This man was very beautiful in body and very devoted to hard work and very acute, very courageous in judgement and very ambitious and very adventurous and very concerned for the divine; also very restrained as regards the pleasures of the body, but very keen on what judgement commended; very clever at discerning what was necessary, even when it was yet unclear, very successful in inferring from observations what was likely to follow, and very skilled at marshalling and equipping an army.[2]

And he was very suited for every good. In addition he was moderate and god-fearing. For once, after he had become so angry with the Thebans that he enslaved its inhabitants and razed the city [itself] to its foundations, he did not make light of reverence to the gods concerning the capture of the city; no, he took especial care that there should not be an involuntary sin concerning the shrines and the [religious] precincts as a whole.[3]

[Note] that the grandiloquence of Alexander did not seem more like a kind of arrogance than confidence in danger.[4]

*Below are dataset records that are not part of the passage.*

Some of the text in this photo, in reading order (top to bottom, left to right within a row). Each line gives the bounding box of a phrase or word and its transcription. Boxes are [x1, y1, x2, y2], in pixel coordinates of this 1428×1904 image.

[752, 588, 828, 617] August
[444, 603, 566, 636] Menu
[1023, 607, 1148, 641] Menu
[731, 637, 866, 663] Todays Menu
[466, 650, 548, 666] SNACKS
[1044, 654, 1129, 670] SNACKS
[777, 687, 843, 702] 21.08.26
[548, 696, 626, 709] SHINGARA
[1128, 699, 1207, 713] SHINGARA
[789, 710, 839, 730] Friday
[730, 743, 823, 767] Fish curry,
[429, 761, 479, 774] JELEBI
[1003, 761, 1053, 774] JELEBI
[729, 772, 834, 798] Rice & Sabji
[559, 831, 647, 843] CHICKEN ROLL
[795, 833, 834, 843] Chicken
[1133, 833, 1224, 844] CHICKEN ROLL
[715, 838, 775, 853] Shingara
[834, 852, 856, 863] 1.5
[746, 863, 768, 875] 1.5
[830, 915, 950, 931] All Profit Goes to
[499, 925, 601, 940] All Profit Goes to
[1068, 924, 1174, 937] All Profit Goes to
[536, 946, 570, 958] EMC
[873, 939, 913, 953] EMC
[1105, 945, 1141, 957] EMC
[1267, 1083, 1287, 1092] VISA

Alexander fell in love with Roxane, the daughter of Oxyartos the Bactrian, whom those serving with Alexander say was the most beautiful of the Asian women after the wife of Dareios. And [they say that] when he had seen her Alexander fell in love with her; and [that] although he was in love with her he did want to violate her as if she were a war captive, but did not think her unworthy to take in marriage. And I myself rather approve this action of Alexander and do not censure it. And then this wife of Dareios, who was called the most beautiful of the women in Asia, either he did make an amorous approach to her or he controlled himself, although he was young and at the very height of good fortune, when men do outrageous things. He respected her and spared her, showing much restraint, and at the same time ambition for good repute which was not misplaced. And there is a story going around, that Dareios' eunuch who guarded his wife ran back to him. And Dareios, when he saw him, first asked whether his daughters were alive and his sons and his wife and his mother. He learned they were alive, and that they were called queens, and about the care being taken of them and how his wife was behaving sensibly. At these things Dareios raised his hands to heaven and prayed thus: "O Zeus, king, to whom it was given to order the affairs of kings among men, guard my rule over the Persians and the Medes as you see fit. But if I myself cannot be king of Asia any more, then give my rule to no one but Alexander". Thus even enemies are not indifferent to virtuous deeds. Thus says Arrian.[5]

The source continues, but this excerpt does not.